A tenra idade não permitia que me deslocasse pelos meus próprios meios. Assim, minha mãe levou-me. Pegou-me desajeitadamente com uma sacudidela tão forte que, fez com que conseguisse abrir os meus olhos fechados desde há muito. Aterrorizada, dei conta de me encontrar a uma distância sem fim do chão, que deslizava a uma velocidade vertiginosa. A sensação de vertigem terminou quando fui depositada na minha nova cama, desta vez sem qualquer resguardo, no solo.

Passada a excitação da minha pequena primeira viagem, senti um frio tremendo tomar conta do meu corpo. Gemi e com um arrepio procurei encostar-me aos meus irmãos enquanto minha mãe nos aconchegava apertando-nos uns contra ou outros e contra ela própria, consciente da importância de lutar contra aquela brusca diferença de temperatura. O frio ia aumentado cada vez mais, à medida que as horas passavam. Encolhi-me o mais possível tentando guardar o pouco calor que o meu corpo ainda produzia.

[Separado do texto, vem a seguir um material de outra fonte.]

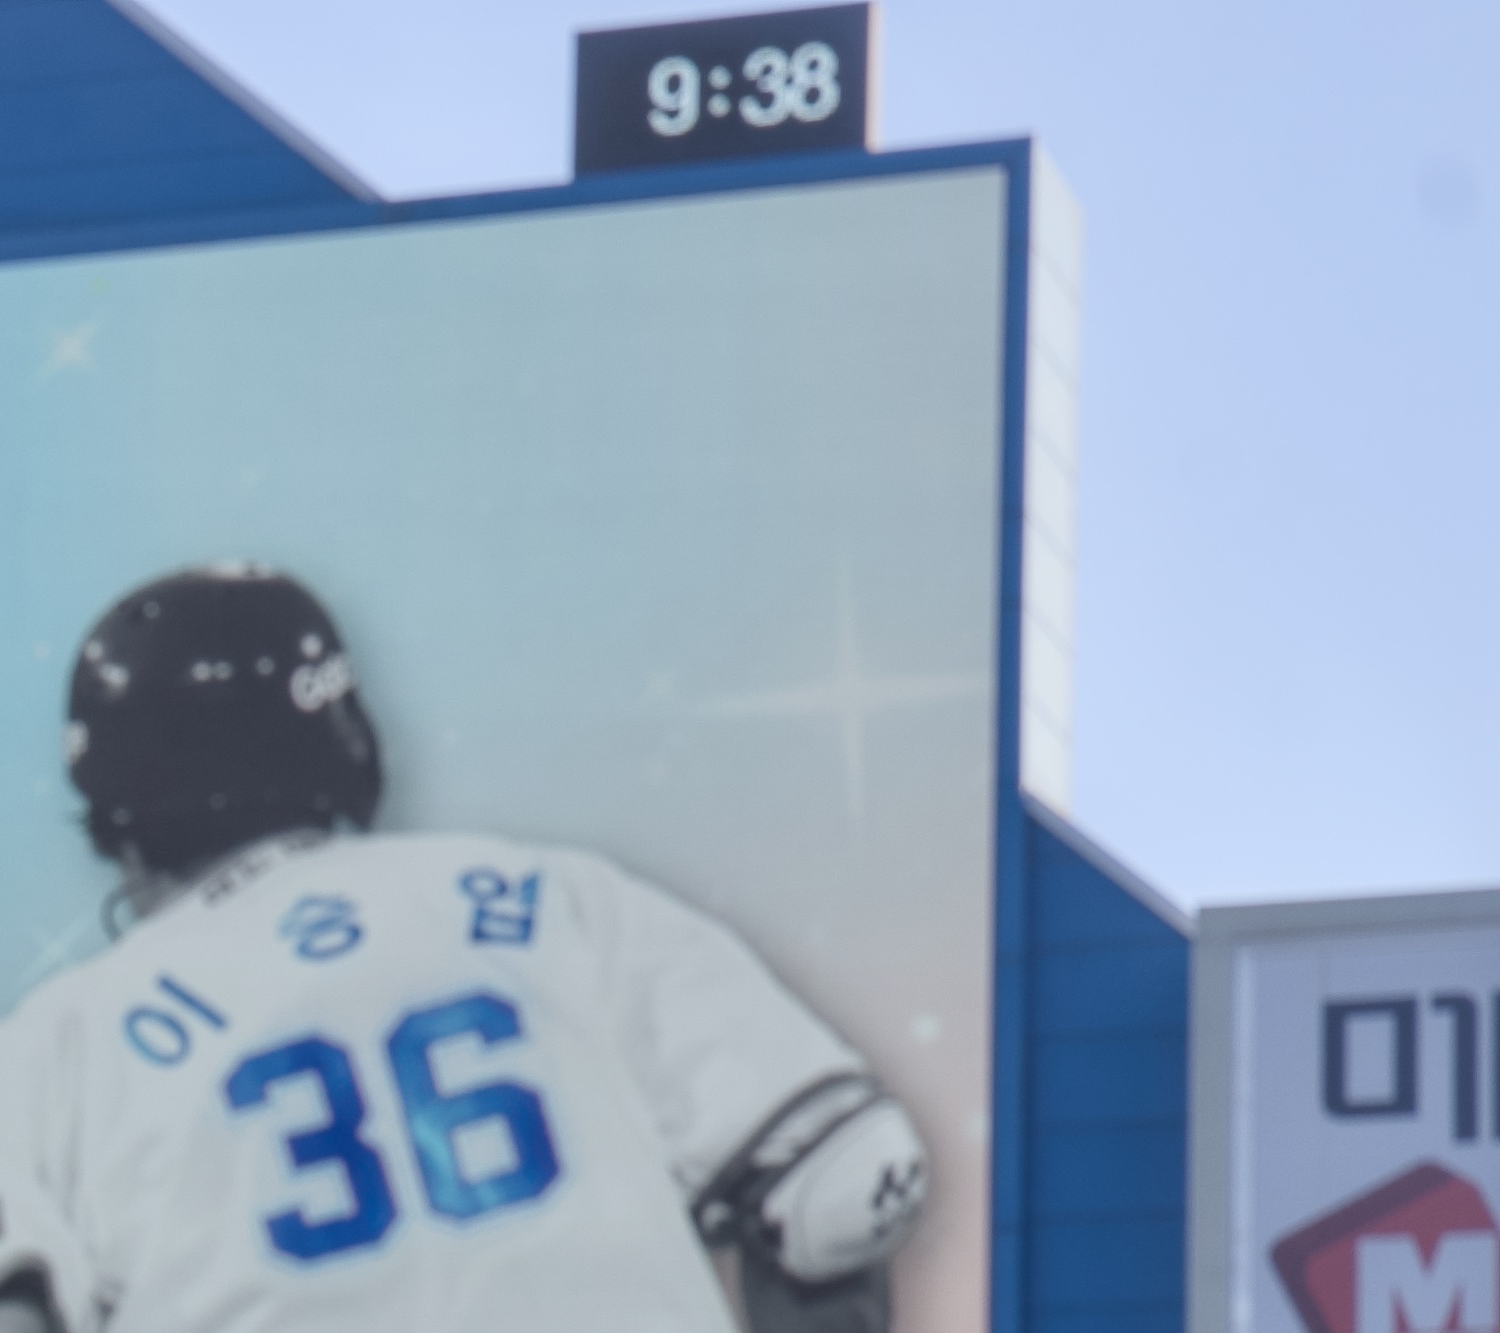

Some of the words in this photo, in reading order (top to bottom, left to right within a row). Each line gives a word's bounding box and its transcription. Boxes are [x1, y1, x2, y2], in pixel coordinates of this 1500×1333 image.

[647, 42, 841, 137] 9:38
[222, 985, 562, 1266] 36
[1320, 985, 1500, 1142] 미

...................................................

Quanto tempo permaneci inconsciente não me é possível recordar.

Seria aquela a sensação quando se deixa o número dos vivos? Era algo de etéreo, muito forte, aquela repentina, pesada e estranha sensação de bem estar.

Finalmente a paz envolveu-me com a crescente e implacável escuridão.

A SEGUNDA MUDANÇA

Estranhamente, nada tinha de espiritual o calor que me acordara: era bem material, nada etéreo apesar de parecer que flutuava. Estava mais uma vez de viagem e, desta feita, o que quer que fosse que me levava, era algo que emanava um calor extraordinariamente confortável. Uma matéria desconhecida para mim: suave, quente, com um perfume delicioso, embriagante.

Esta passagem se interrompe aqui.